▶ PROBLEM TO SOLVE:
When you copy the entries, keep every word exactly as it is and drop the images.

Stored items:

□ □ □

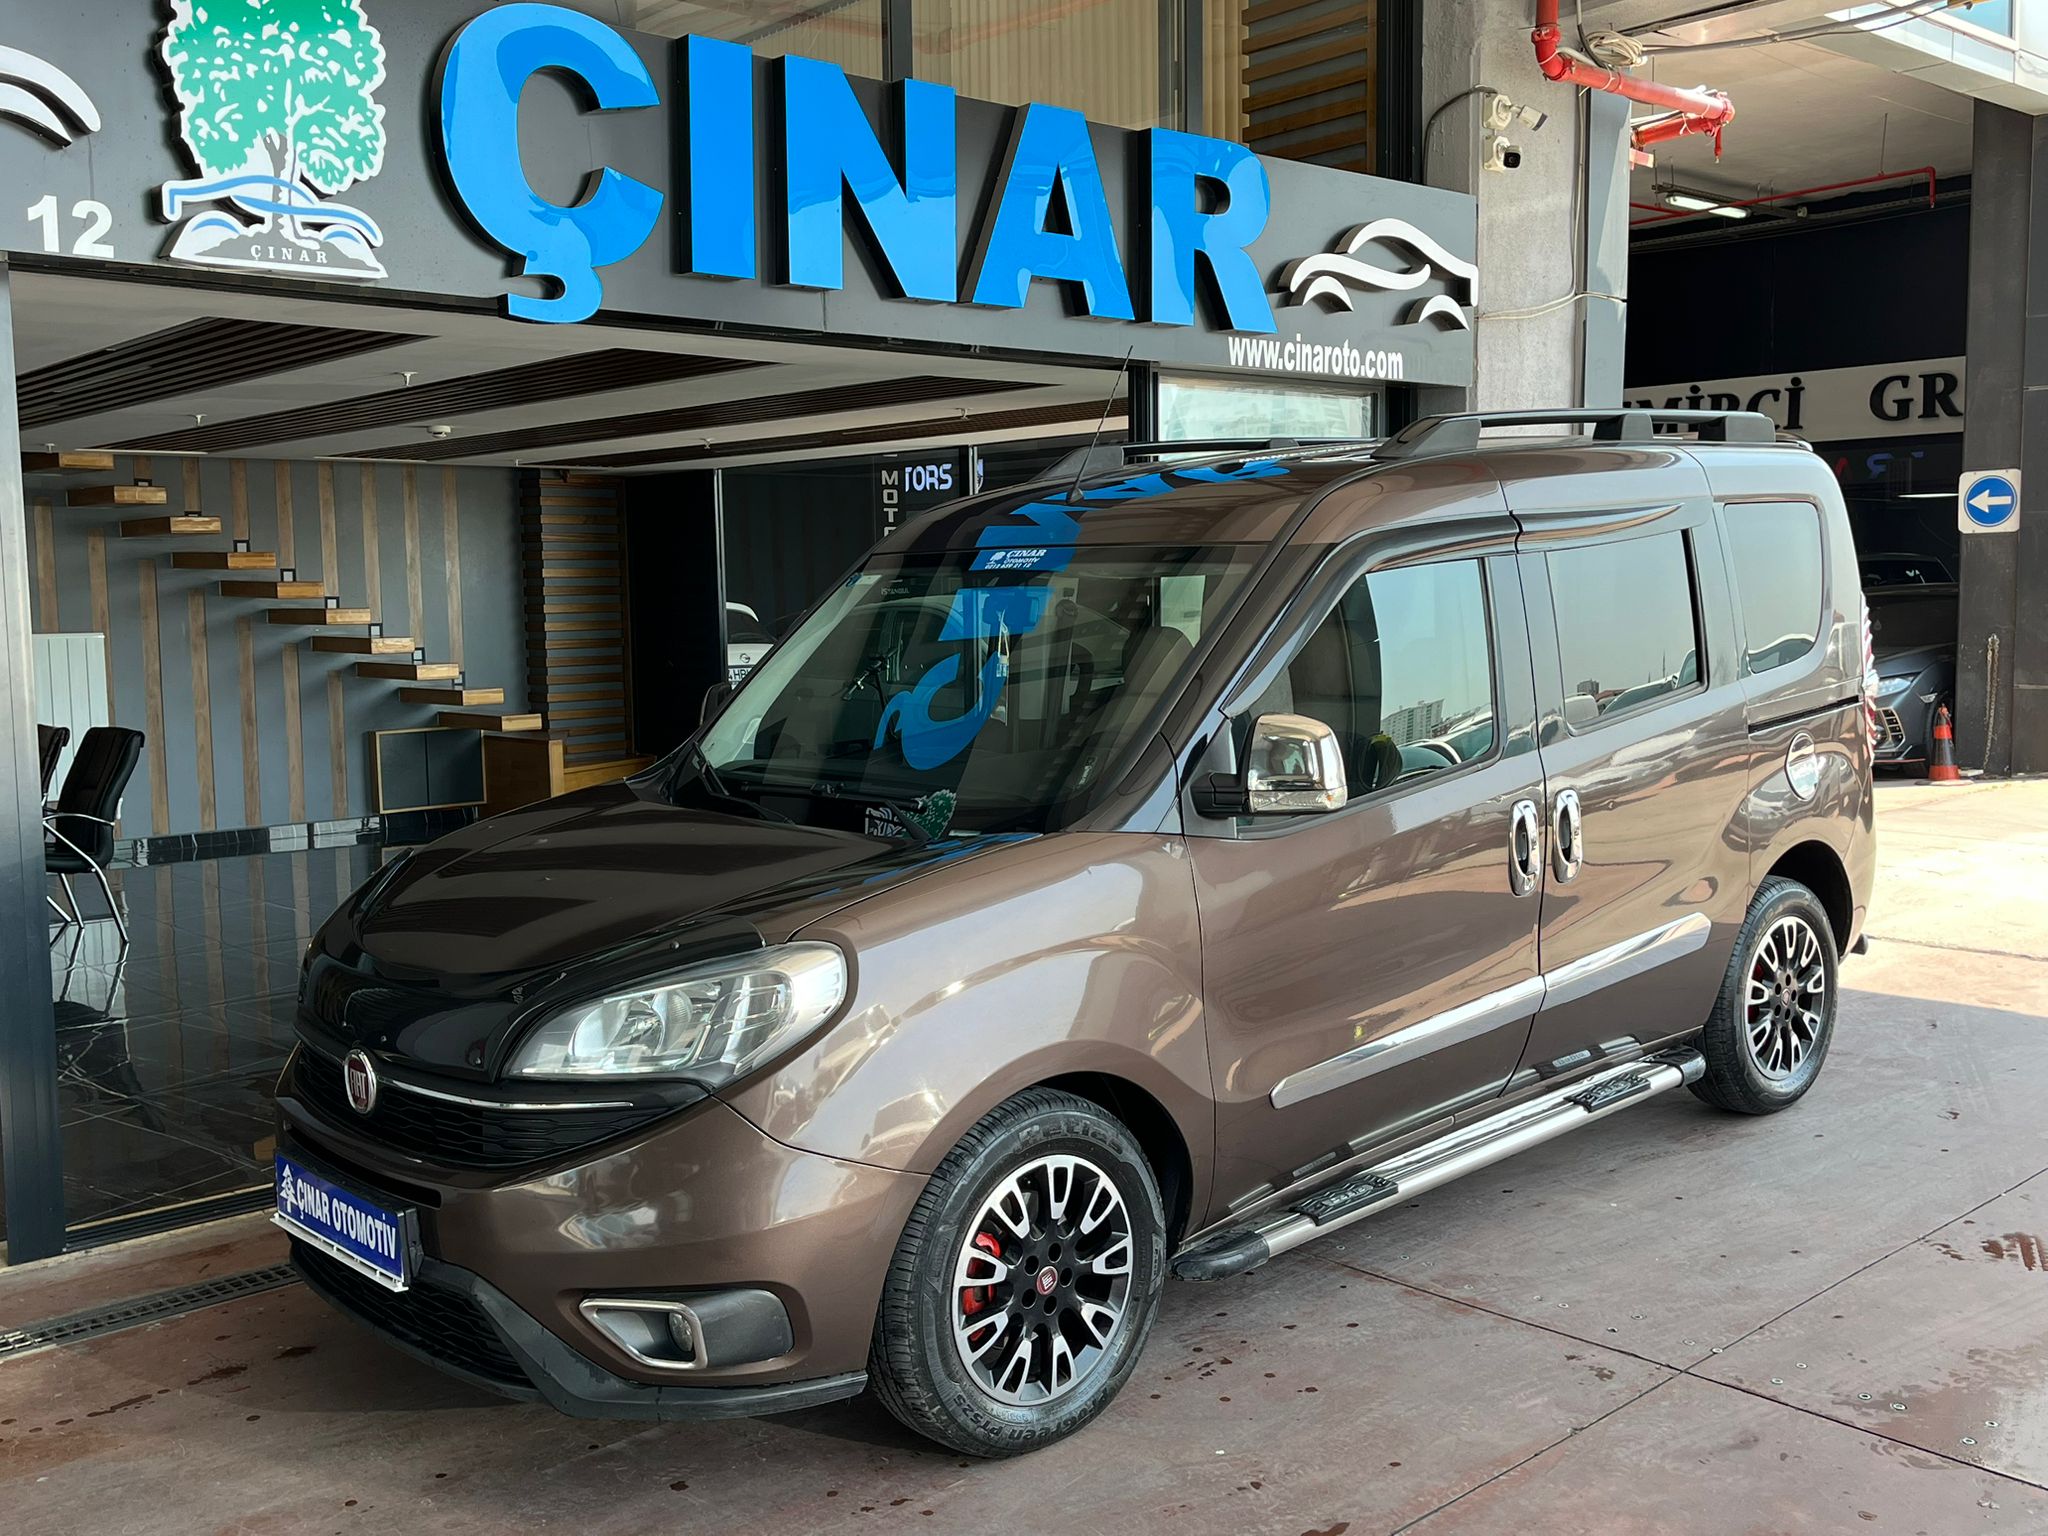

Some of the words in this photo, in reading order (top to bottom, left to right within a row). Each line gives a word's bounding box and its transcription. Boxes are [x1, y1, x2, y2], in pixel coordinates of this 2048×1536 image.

[441, 3, 1277, 333] ÇINAR
[27, 195, 115, 259] 12
[249, 243, 328, 265] ÇINAR
[1228, 336, 1404, 380] www.cinaroto.com
[1869, 372, 1964, 422] GR
[350, 1070, 366, 1099] FIAT
[297, 1178, 331, 1226] ÇINAR
[332, 1197, 396, 1259] OTOMOTİV
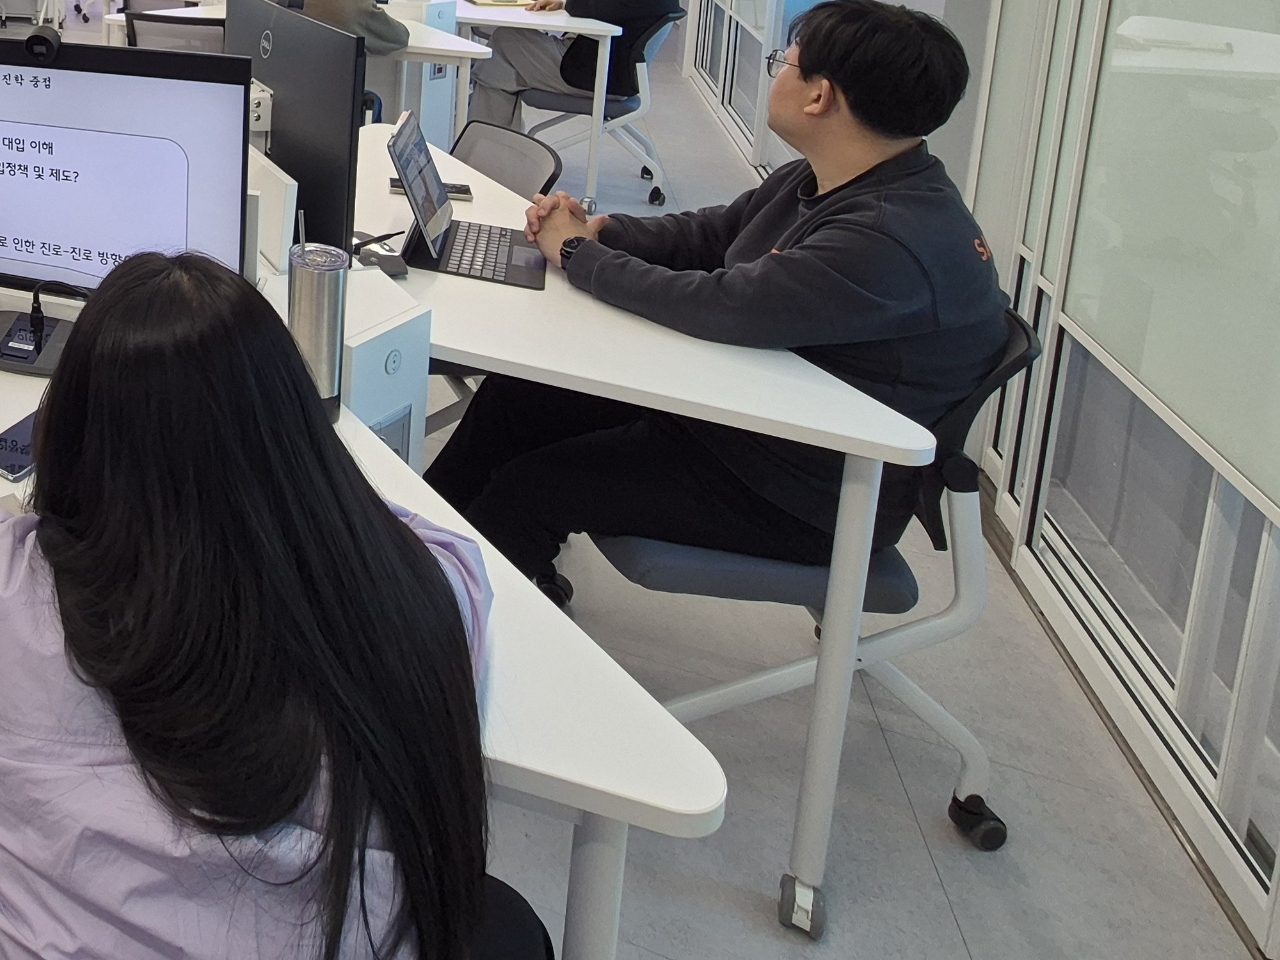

□ □ □

▶ SOLVED PROBLEM:
Some of the words in this photo, in reading order (top to bottom, left to right within a row). Each line gives a word's bounding box and its transcription. Boxes are [x1, y1, x2, y2], in pixel coordinates of this 2048×1536 image.

[441, 3, 1277, 333] ÇINAR
[27, 195, 115, 259] 12
[249, 243, 328, 265] ÇINAR
[1228, 336, 1404, 380] www.cinaroto.com
[1869, 372, 1964, 422] GR
[350, 1070, 366, 1099] FIAT
[297, 1178, 331, 1226] ÇINAR
[332, 1197, 396, 1259] OTOMOTİV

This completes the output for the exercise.